Background technology
With the increasingly dilution of petroleum resources, oil composition becomes more complicated, the crude oil arsenic content that some oil fields produce
Also constantly raise, the arsenic in gaseous state is generally based on arsenic hydride and first arsenic.Arsenide in petroleum hydrocarbon will have a strong impact on its processing,
Because arsenic and catalyst activity component binding ability are strong, can make hydrofinishing cobalt-molybdenum catalyst, hydrocarbon conversion nickel catalyst,
Methanation nickel catalyst, ammonia synthesis Fe-series catalyst, the palladium in ethylene industry, platinum, nickel catalyst, in olefin polymerization process
Metallocene-type polymerisation catalyst etc. produce permanent be poisoned, arsenide brings great negative effect to oil hydrocarbon processing,
After therefore determining olefin feedstock before manufacture and producing, the arsenic content of product is very important.
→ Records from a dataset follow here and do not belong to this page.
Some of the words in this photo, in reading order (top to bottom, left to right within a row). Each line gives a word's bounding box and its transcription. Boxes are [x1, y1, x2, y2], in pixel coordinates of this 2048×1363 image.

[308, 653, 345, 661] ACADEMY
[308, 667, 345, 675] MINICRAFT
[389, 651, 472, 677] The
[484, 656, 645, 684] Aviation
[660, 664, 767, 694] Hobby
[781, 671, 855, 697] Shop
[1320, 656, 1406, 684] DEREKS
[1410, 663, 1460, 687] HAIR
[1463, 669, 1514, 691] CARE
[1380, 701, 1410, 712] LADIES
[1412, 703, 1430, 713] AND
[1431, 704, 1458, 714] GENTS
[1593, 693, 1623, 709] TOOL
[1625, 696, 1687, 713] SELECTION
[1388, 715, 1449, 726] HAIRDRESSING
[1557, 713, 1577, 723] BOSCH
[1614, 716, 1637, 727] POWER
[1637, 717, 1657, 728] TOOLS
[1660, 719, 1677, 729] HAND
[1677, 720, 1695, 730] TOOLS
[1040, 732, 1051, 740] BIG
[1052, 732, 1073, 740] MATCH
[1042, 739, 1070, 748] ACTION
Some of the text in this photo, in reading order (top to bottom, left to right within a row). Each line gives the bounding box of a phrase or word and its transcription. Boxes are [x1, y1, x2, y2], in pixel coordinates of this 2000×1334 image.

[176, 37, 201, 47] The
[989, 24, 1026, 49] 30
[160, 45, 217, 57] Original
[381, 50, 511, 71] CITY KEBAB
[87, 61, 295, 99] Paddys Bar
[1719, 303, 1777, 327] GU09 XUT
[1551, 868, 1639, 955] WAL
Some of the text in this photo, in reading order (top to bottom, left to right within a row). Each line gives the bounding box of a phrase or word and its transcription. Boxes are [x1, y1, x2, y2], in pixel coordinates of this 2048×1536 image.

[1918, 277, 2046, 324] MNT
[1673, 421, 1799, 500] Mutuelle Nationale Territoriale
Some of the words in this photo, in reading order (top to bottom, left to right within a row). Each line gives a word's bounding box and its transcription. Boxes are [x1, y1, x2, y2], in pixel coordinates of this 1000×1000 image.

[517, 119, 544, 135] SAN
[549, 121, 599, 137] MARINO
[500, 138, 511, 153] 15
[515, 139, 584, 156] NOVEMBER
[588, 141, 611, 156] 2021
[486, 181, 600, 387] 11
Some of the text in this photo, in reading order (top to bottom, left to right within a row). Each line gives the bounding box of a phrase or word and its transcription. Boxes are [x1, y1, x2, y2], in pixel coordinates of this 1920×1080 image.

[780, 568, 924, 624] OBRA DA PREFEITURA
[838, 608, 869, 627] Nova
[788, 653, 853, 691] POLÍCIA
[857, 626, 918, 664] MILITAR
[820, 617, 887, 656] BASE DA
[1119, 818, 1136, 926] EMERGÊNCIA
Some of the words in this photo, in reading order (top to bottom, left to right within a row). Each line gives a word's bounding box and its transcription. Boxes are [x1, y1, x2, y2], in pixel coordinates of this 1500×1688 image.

The analysis of arsenic measure commonly used be diethylamine dithiocarbonic acid silver spectrophotography, use sampling Graphite Furnace Atomic Absorption
Method, Atomic fluorophotometry, small-hole drilling etc..The data precision of Part Methods can not meet the needs of production technology, and investment is relatively
Greatly, repeatability is also bad.
Small-hole drilling is to produce titrant according to electrolysis to react with measured matter, and automatically adjusts with measured matter content size
Section input current, the method that content of material is determined by the electricity consuming.Small-hole drilling is low with its instrument cost, simple to operate,
The advantages of analysis is quick, sensitivity is high is used widely in the part such as petrochemical industry, environmental conservation, and small-hole drilling is except being used for
Outside the mensure of arsenic, it is also used for Determination of Trace Sulfur, nitrogen, halogen etc. and measures.For small-hole drilling, document " micro-coulometric determination lightweight stone
Trace arsenic in oil product " describe using micro-coulometric determination light liquids oil product arsenic content, document " micro-coulometric determination weight
Arsenic in whole raw oil " work mainly done is the arsenic content measuring in reformate, the two is all to utilize concentrated sulphuric acid to extract oil sample
Take.Due to arsenic content be applied to detection liquid for the microcoulomb method, and the arsenic in gas can not directly be entered using small-hole drilling
Row detection.
Content of the invention
The technical problem to be solved is to provide arsenic content in a kind of light gas alkene simple to operation
Detection method, by absorbing liquid enrichment arsenic element, using the arsenogen cellulose content in micro-coulometric determination gaseous olefin.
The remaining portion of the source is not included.